- **PROMPT**
Omit all images, then repeat exactly the lines below from the one containing "this 1067×1600 image." through the one containing "this 1344×1512 image.", both ends included.

- **DATA**
[Start of Attachment]

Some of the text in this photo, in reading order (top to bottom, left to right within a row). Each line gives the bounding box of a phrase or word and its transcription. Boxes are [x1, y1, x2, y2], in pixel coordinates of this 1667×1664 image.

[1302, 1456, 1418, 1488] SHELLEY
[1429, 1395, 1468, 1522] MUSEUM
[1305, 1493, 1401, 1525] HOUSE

[End of Attachment]
[Start of Attachment]

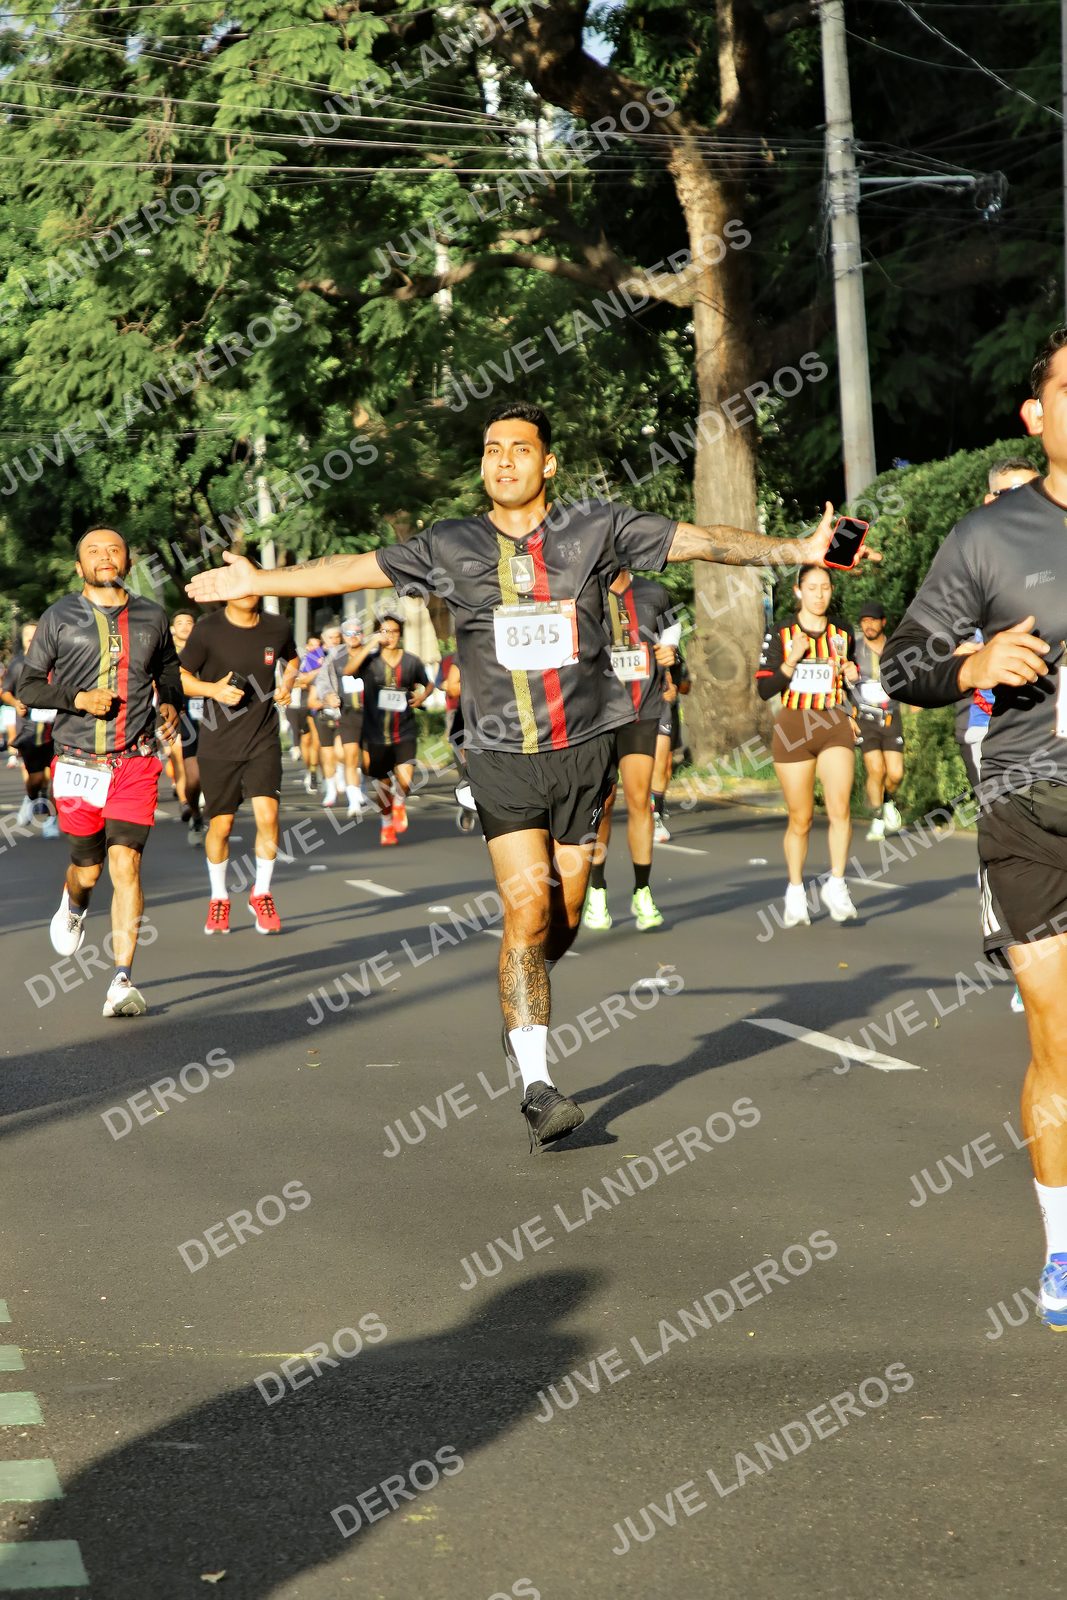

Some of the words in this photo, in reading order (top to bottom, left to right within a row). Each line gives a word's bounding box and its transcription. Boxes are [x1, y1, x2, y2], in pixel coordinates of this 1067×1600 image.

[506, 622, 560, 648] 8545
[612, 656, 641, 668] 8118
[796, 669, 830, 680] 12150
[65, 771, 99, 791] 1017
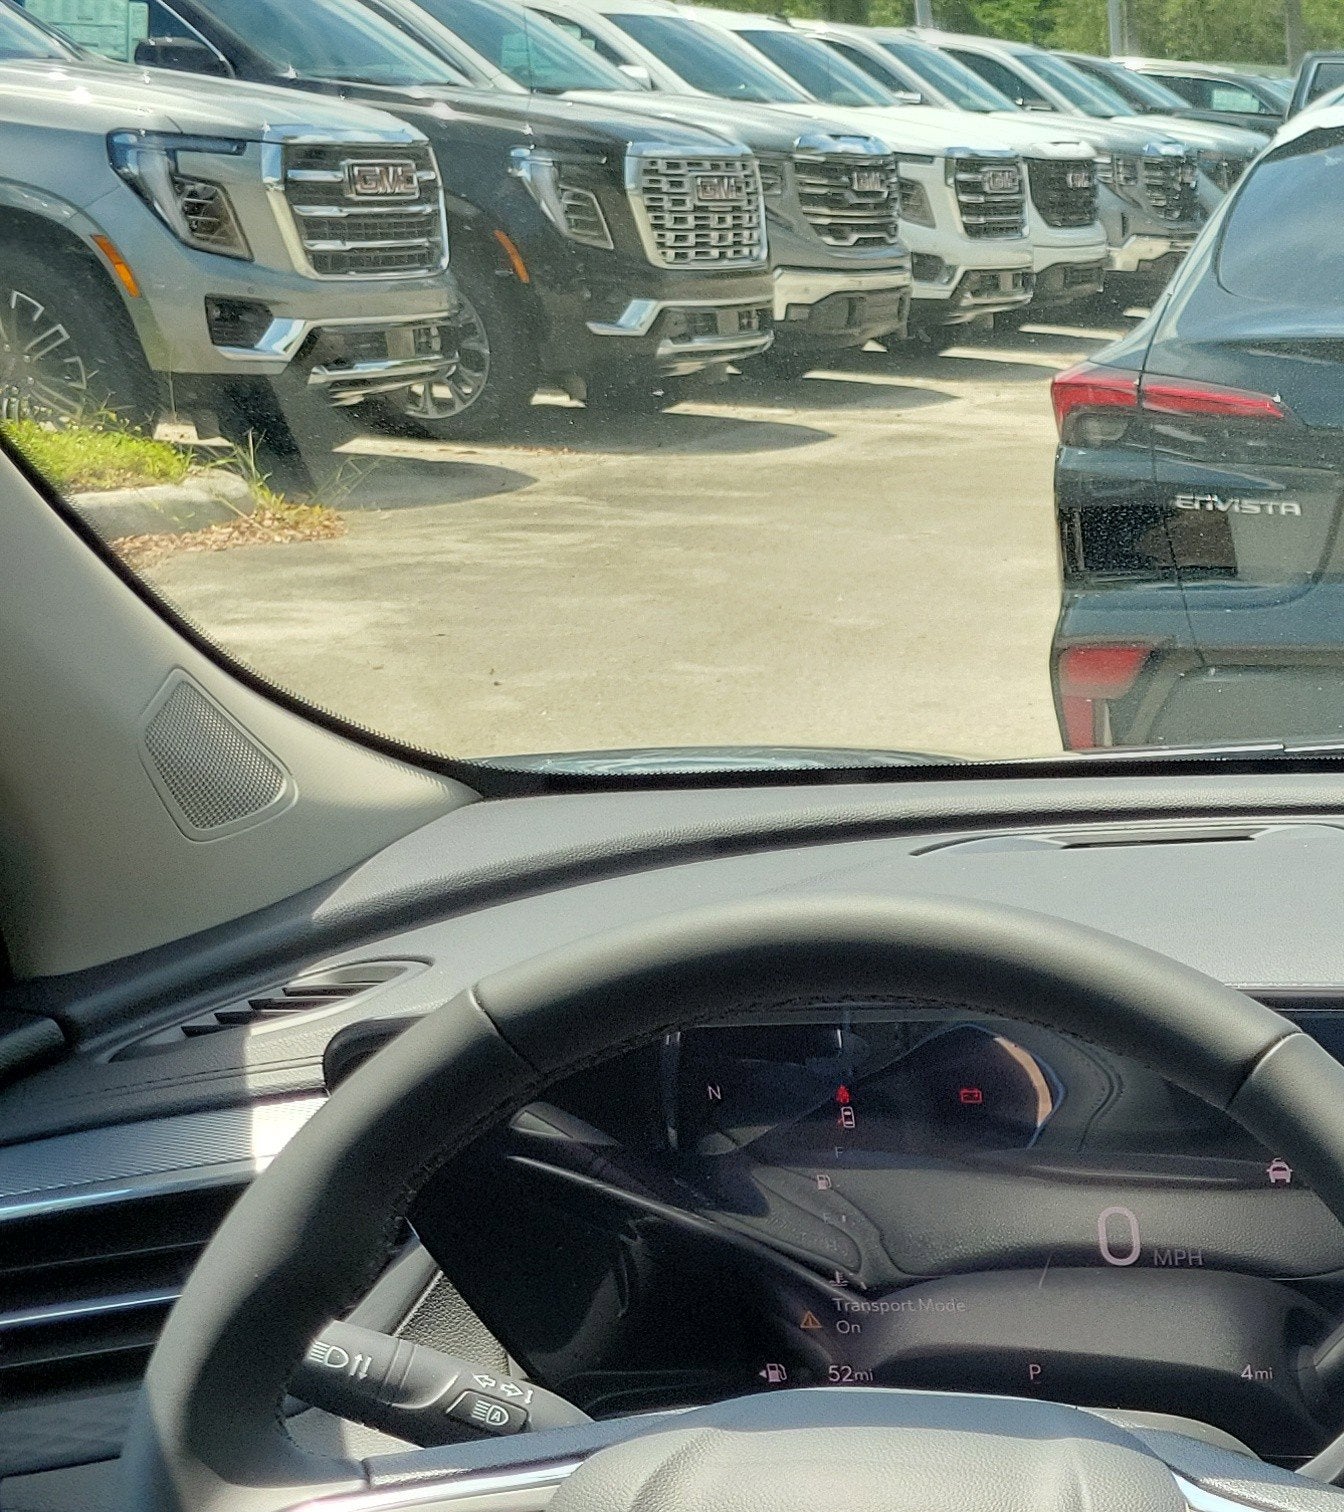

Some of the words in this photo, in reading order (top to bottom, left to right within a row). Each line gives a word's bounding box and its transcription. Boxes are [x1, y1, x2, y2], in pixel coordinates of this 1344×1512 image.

[End of Attachment]

- **OUTPUT BELOW**
Some of the words in this photo, in reading order (top to bottom, left to right within a row). Each line gives a word's bounding box and its transcription. Boxes are [x1, y1, x2, y2], in pixel coordinates of this 1067×1600 image.

[506, 622, 560, 648] 8545
[612, 656, 641, 668] 8118
[796, 669, 830, 680] 12150
[65, 771, 99, 791] 1017

Some of the words in this photo, in reading order (top to bottom, left to right within a row). Each line gives a word's bounding box and its transcription. Boxes are [x1, y1, x2, y2], in pixel coordinates of this 1344×1512 image.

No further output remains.